Task to complete:
Copy out all of the data word for word. Omit every picture.

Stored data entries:
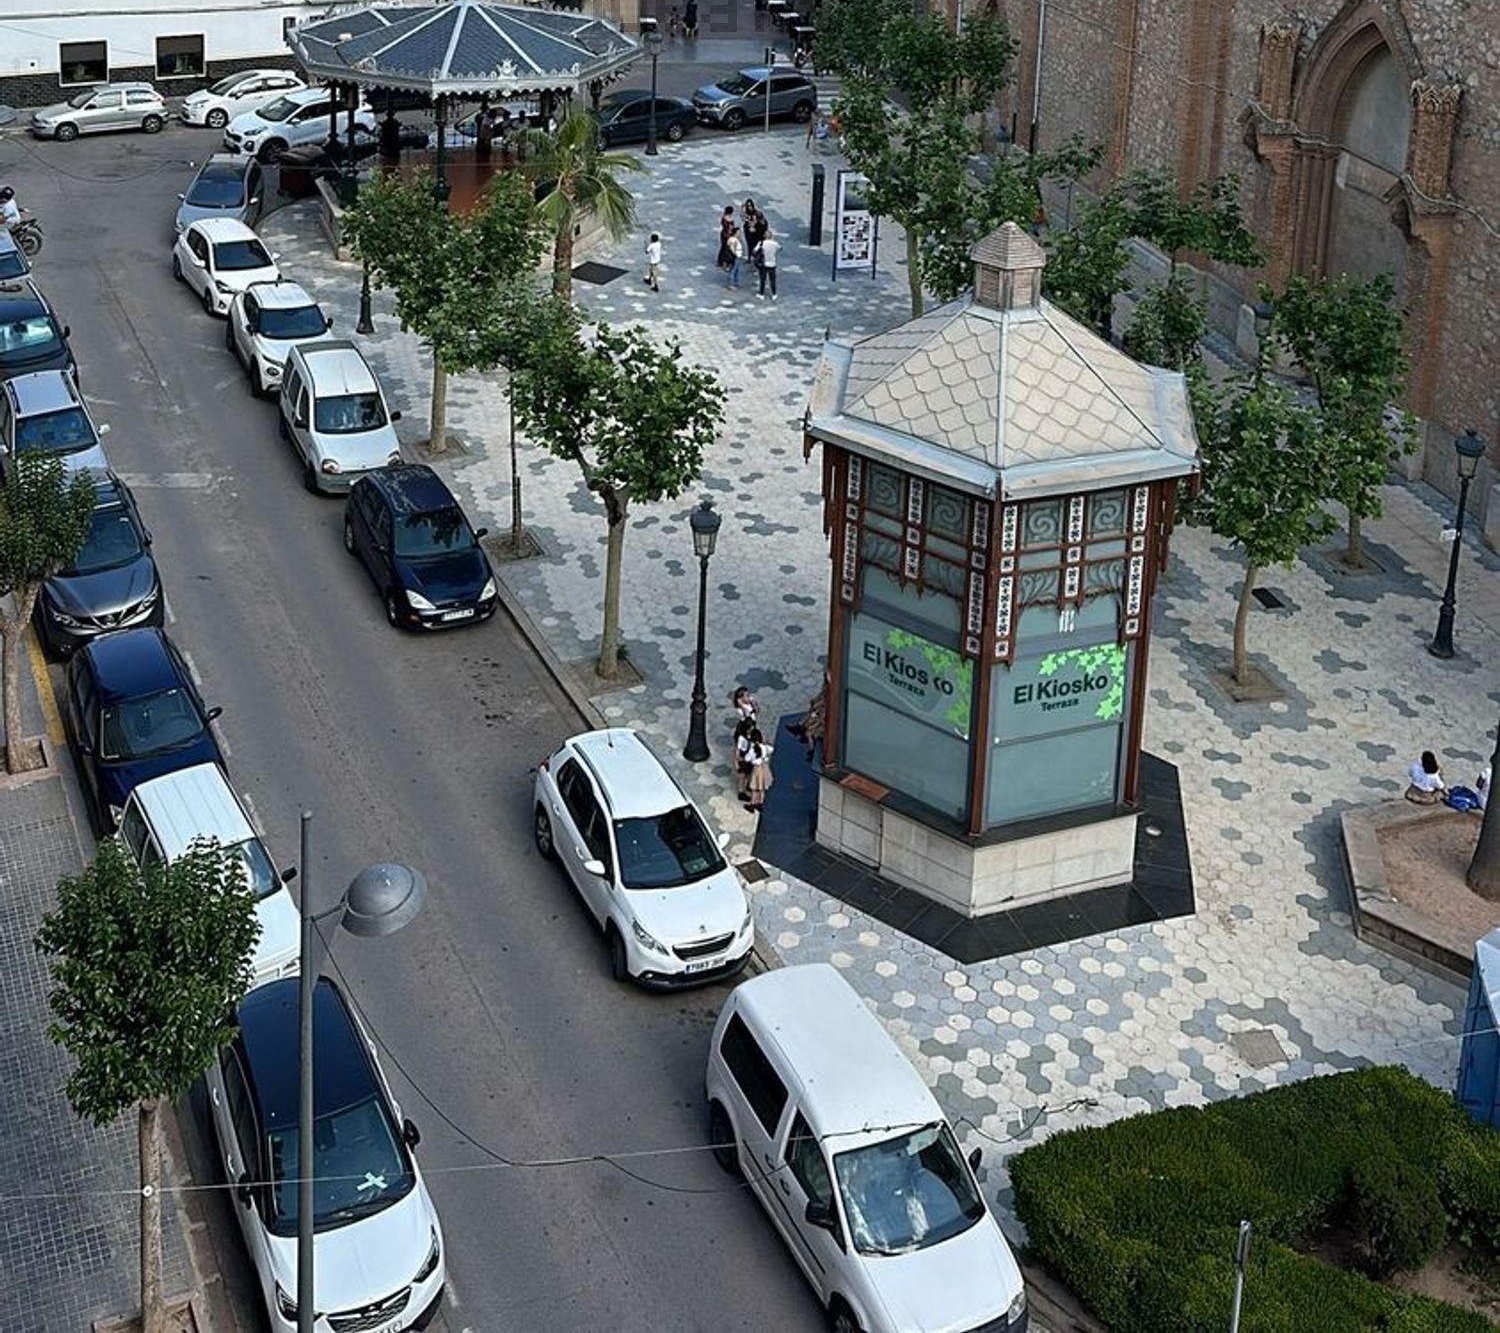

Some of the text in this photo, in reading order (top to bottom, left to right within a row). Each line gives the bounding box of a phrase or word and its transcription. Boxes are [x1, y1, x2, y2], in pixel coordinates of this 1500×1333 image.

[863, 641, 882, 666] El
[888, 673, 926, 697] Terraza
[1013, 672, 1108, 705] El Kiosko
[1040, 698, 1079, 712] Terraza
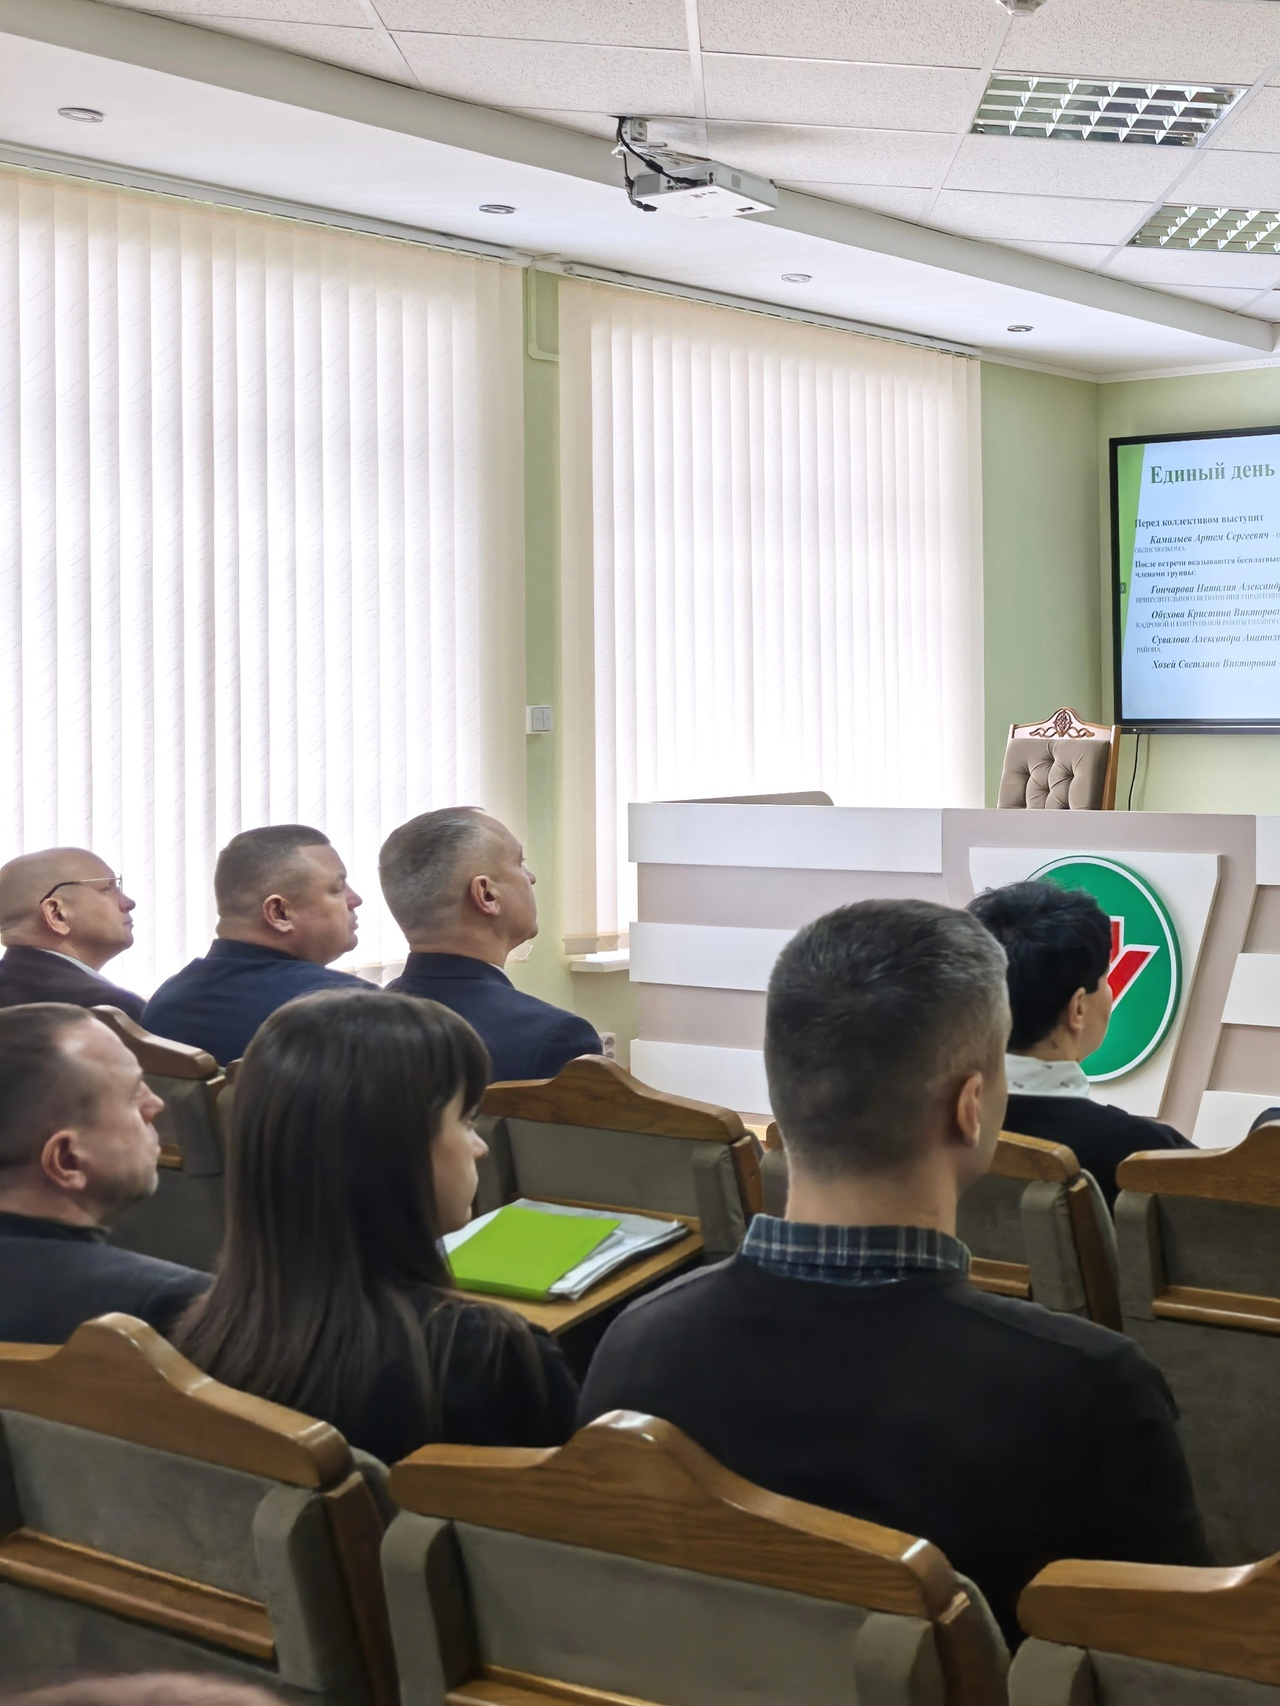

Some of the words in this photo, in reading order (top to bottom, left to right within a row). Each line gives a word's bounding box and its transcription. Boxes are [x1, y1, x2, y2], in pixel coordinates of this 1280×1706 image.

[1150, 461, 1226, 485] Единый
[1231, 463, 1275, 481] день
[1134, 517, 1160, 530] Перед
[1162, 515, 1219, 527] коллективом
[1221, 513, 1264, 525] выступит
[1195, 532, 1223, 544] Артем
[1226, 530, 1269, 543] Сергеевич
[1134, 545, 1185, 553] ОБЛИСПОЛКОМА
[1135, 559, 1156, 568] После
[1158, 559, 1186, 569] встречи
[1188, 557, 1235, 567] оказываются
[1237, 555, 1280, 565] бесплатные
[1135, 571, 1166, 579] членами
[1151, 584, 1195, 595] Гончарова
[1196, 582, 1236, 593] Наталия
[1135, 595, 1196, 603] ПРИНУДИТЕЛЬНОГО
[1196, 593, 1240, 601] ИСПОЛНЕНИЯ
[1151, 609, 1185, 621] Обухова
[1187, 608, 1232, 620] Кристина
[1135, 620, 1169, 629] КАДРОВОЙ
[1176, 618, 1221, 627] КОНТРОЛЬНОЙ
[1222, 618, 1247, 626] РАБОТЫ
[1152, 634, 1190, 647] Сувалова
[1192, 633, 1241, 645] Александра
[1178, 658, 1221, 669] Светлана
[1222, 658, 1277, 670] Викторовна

Solution:
Some of the text in this photo, in reading order (top to bottom, left to right within a row). Each line gives the bounding box of a phrase or word and its transcription. Boxes are [x1, y1, x2, y2], in pixel coordinates of this 1500×1333 image.

[863, 641, 882, 666] El
[888, 673, 926, 697] Terraza
[1013, 672, 1108, 705] El Kiosko
[1040, 698, 1079, 712] Terraza

Some of the words in this photo, in reading order (top to bottom, left to right within a row). Each line gives a word's bounding box and its transcription. Boxes are [x1, y1, x2, y2], in pixel coordinates of this 1280×1706 image.

[1150, 461, 1226, 485] Единый
[1231, 463, 1275, 481] день
[1134, 517, 1160, 530] Перед
[1162, 515, 1219, 527] коллективом
[1221, 513, 1264, 525] выступит
[1195, 532, 1223, 544] Артем
[1226, 530, 1269, 543] Сергеевич
[1134, 545, 1185, 553] ОБЛИСПОЛКОМА
[1135, 559, 1156, 568] После
[1158, 559, 1186, 569] встречи
[1188, 557, 1235, 567] оказываются
[1237, 555, 1280, 565] бесплатные
[1135, 571, 1166, 579] членами
[1151, 584, 1195, 595] Гончарова
[1196, 582, 1236, 593] Наталия
[1135, 595, 1196, 603] ПРИНУДИТЕЛЬНОГО
[1196, 593, 1240, 601] ИСПОЛНЕНИЯ
[1151, 609, 1185, 621] Обухова
[1187, 608, 1232, 620] Кристина
[1135, 620, 1169, 629] КАДРОВОЙ
[1176, 618, 1221, 627] КОНТРОЛЬНОЙ
[1222, 618, 1247, 626] РАБОТЫ
[1152, 634, 1190, 647] Сувалова
[1192, 633, 1241, 645] Александра
[1178, 658, 1221, 669] Светлана
[1222, 658, 1277, 670] Викторовна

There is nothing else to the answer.